Communication is a two-way process
This can be done informally, by walking around chatting with people, or more formally through a survey, perhaps via email. Ask your employees how they are doing.
- What are their main concerns?
- What do they need from you?
- Provide updates, or access to information, as subsequent news breaks.
Expect productivity to be lower
- Be patient and compassionate about it.
- Consider getting employees together for lunch or a snack as a way of tapping into group dynamics for support.
Be aware that some individuals may have more intense reactions than others
Persons at risk for such intense reactions include:
- Those whose lives were directly impacted by the event or similar events.
- Those who have experienced prior losses or traumas and for whom the current events serve to reactivate emotions.
- Those who are vulnerable to stress due to a mental, emotional, or substance abuse disorder.
Employers should be sensitive to the fact that intense reactions may result from unseen personal factors such as the above.

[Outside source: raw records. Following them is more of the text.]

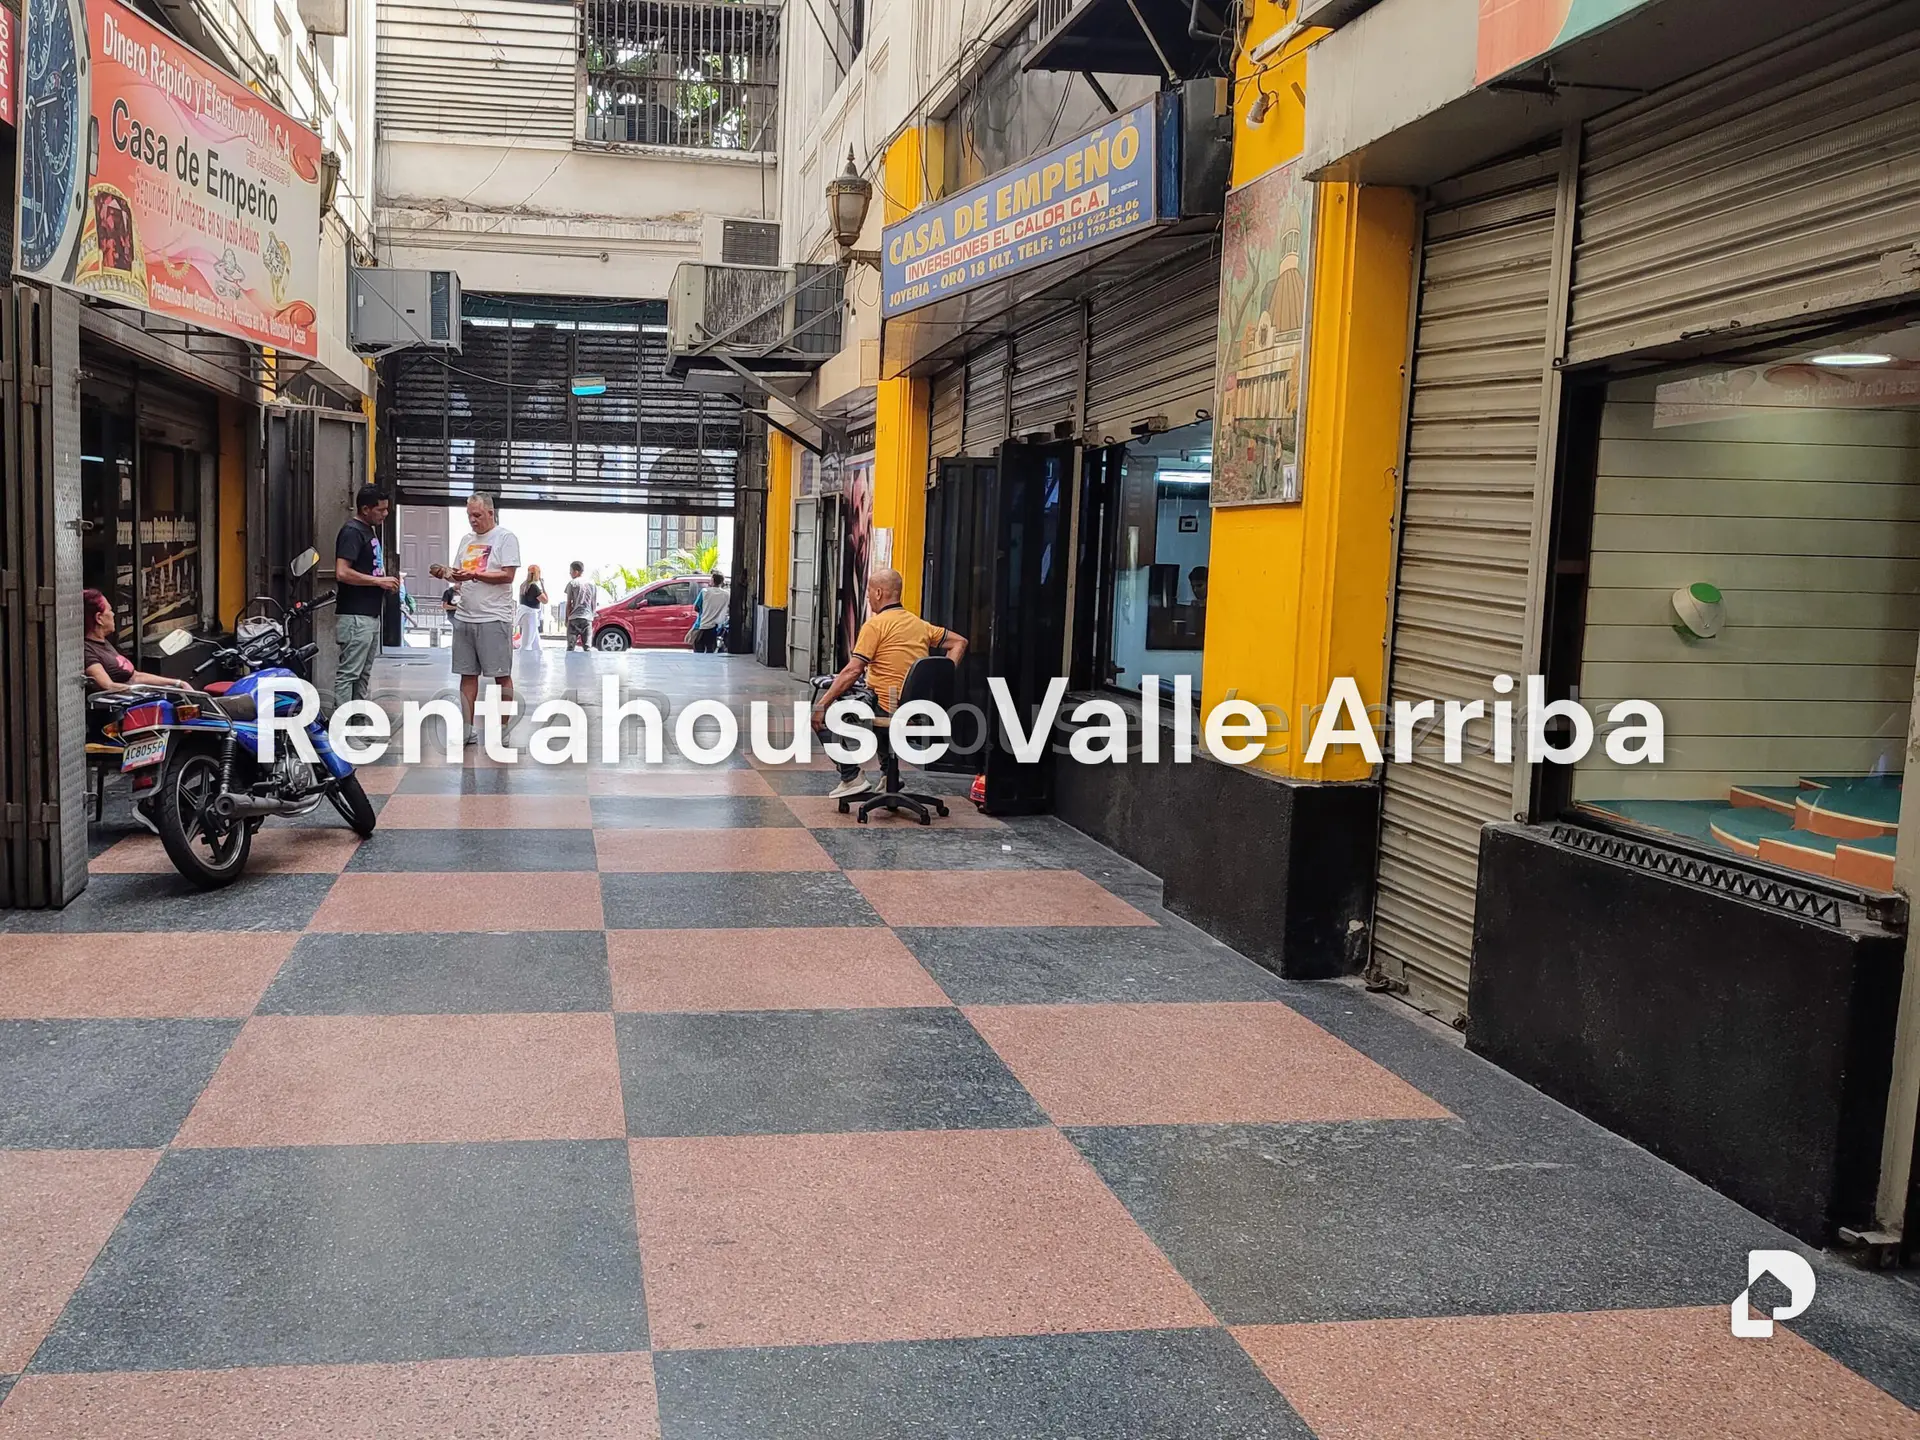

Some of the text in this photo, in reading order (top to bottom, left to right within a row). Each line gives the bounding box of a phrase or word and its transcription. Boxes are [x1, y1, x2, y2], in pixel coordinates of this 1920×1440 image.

[103, 12, 147, 77] Dinero
[150, 43, 192, 103] Rápido
[194, 83, 202, 120] y
[204, 78, 246, 136] Efectivo
[112, 97, 168, 173] Casa
[176, 136, 200, 187] de
[207, 149, 278, 225] Empeño
[889, 126, 1139, 265] CASA DE EMPEÑO
[889, 281, 930, 307] JOYERIA
[940, 267, 966, 289] ORO
[970, 260, 985, 278] 18
[989, 250, 1014, 271] KLT.
[1018, 235, 1053, 260] TELF:
[908, 190, 1105, 281] INVERSIONES EL CALOR C.A.
[1059, 221, 1084, 237] 0416
[1059, 232, 1084, 247] 0414
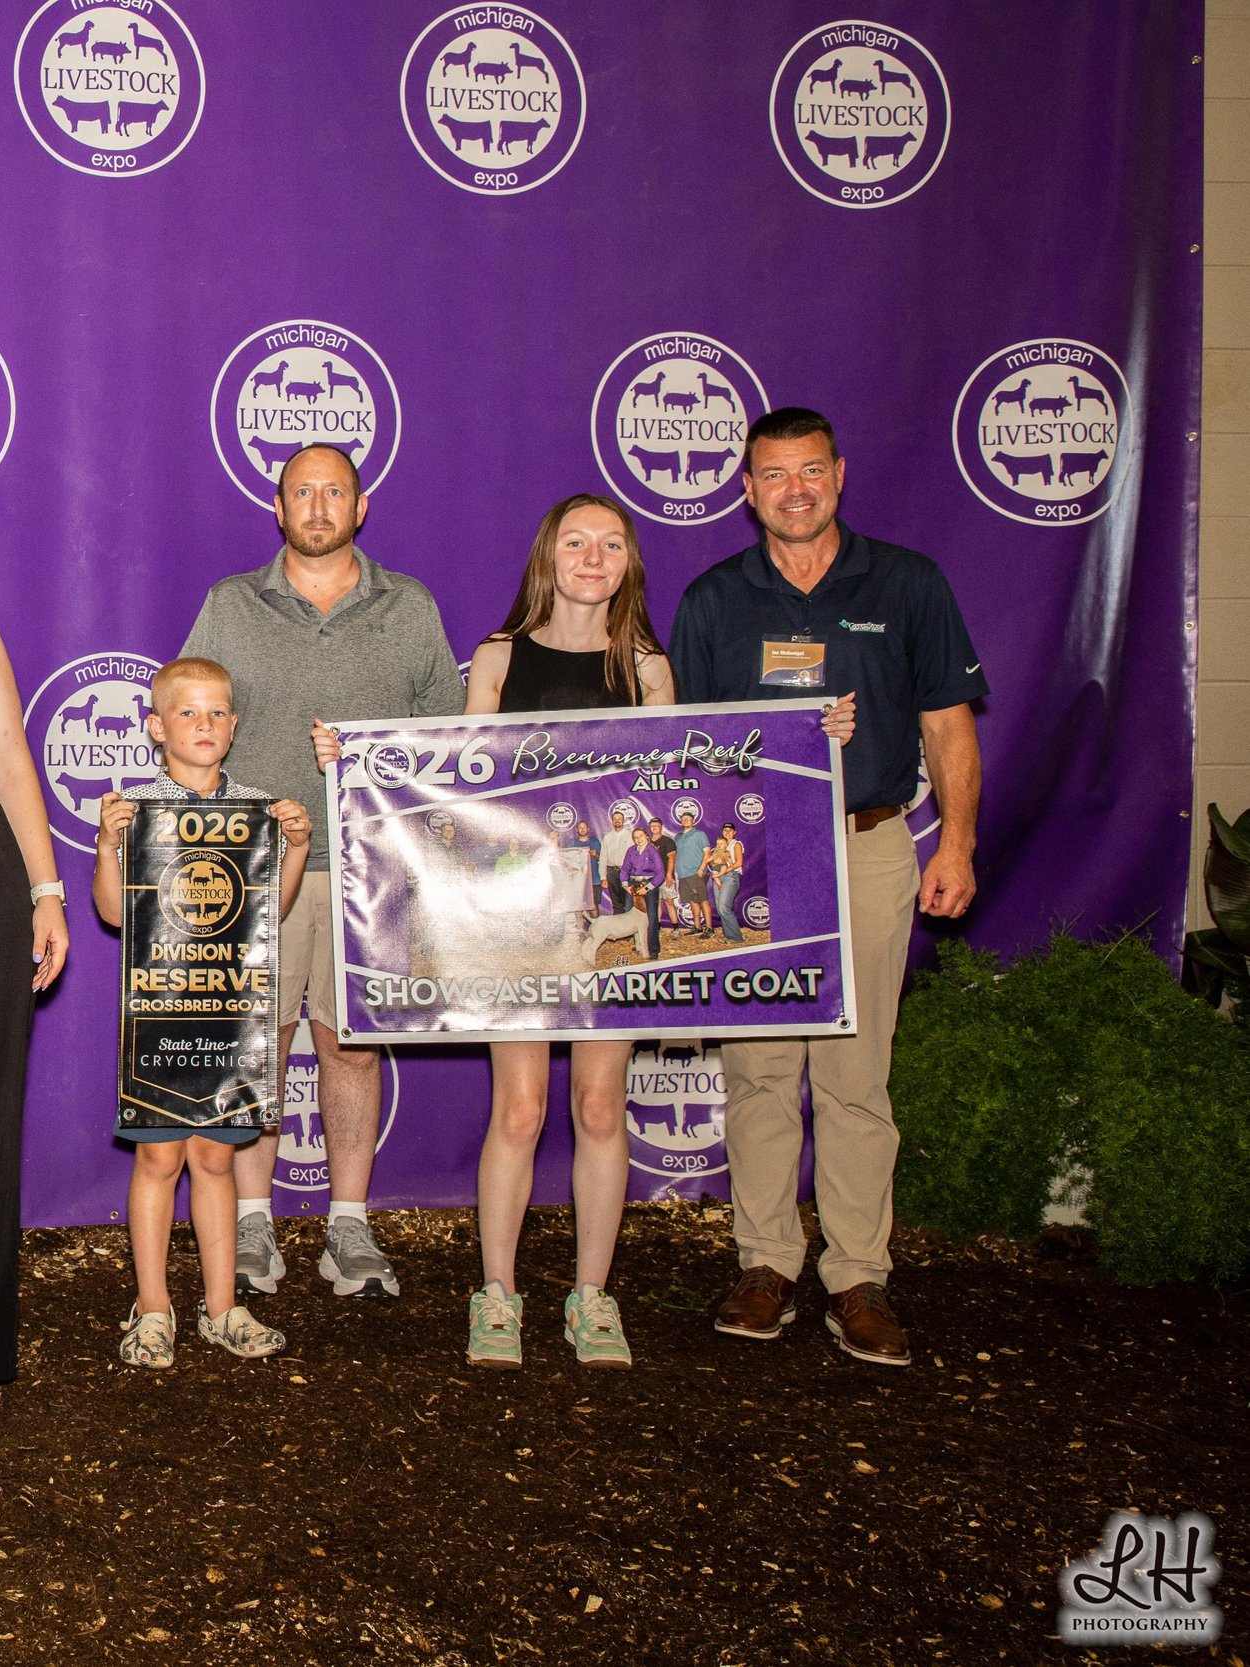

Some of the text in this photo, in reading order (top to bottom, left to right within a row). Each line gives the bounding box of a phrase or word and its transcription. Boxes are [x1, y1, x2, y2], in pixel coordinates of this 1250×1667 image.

[454, 8, 534, 33] michigan
[822, 26, 898, 50] michigan
[43, 68, 177, 95] LIVESTOCK
[430, 87, 558, 112] LIVESTOCK
[797, 104, 924, 126] LIVESTOCK
[92, 153, 136, 171] expo
[474, 172, 518, 189] expo
[841, 186, 884, 203] expo
[266, 326, 348, 351] michigan
[645, 338, 721, 363] michigan
[1006, 344, 1093, 368] michigan
[240, 408, 372, 432] LIVESTOCK
[619, 418, 744, 442] LIVESTOCK
[982, 422, 1115, 445] LIVESTOCK
[663, 503, 705, 519] expo
[1035, 504, 1081, 520] expo
[47, 744, 163, 767] LIVESTOC
[512, 731, 666, 774] Breanne
[672, 729, 764, 772] Reif
[631, 775, 699, 792] Allen
[156, 812, 250, 843] 2026
[184, 851, 222, 863] michigan
[171, 888, 231, 899] LIVESTOCK
[192, 925, 212, 935] expo
[152, 943, 231, 961] DIVISION
[131, 968, 270, 991] RESERVE
[365, 968, 823, 1007] SHOWCASE MARKET GOAT
[129, 999, 270, 1012] CROSSBRED GOAT
[159, 1038, 226, 1050] State Line
[140, 1055, 257, 1067] CRYOGENICS
[626, 1073, 728, 1093] IVESTOC
[662, 1154, 708, 1172] expo

The best course for managers is:
- Signal your willingness to talk.
- Be patient.
- Practice active listening.
- Be supportive.
- Problem-solve with the employee around covering their work responsibilities.
- Make sure they know where to get help. If they are already in treatment they should contact their therapist for an appointment. If they are not, a referral to the EAP may be a good place to start.
Use resources available to you as a manager
- If you have concerns about how individual employees are reacting, or the effect on your workforce in general, call your EAP for a management consultation.
- Consider scheduling a Critical Incident Stress Management group through the EAP.
- Remember to take care of yourself so you can take care of your employees; use your EAP if needed.
This material is provided by Cigna for informational/educational purposes only. It is not medical/clinical advice.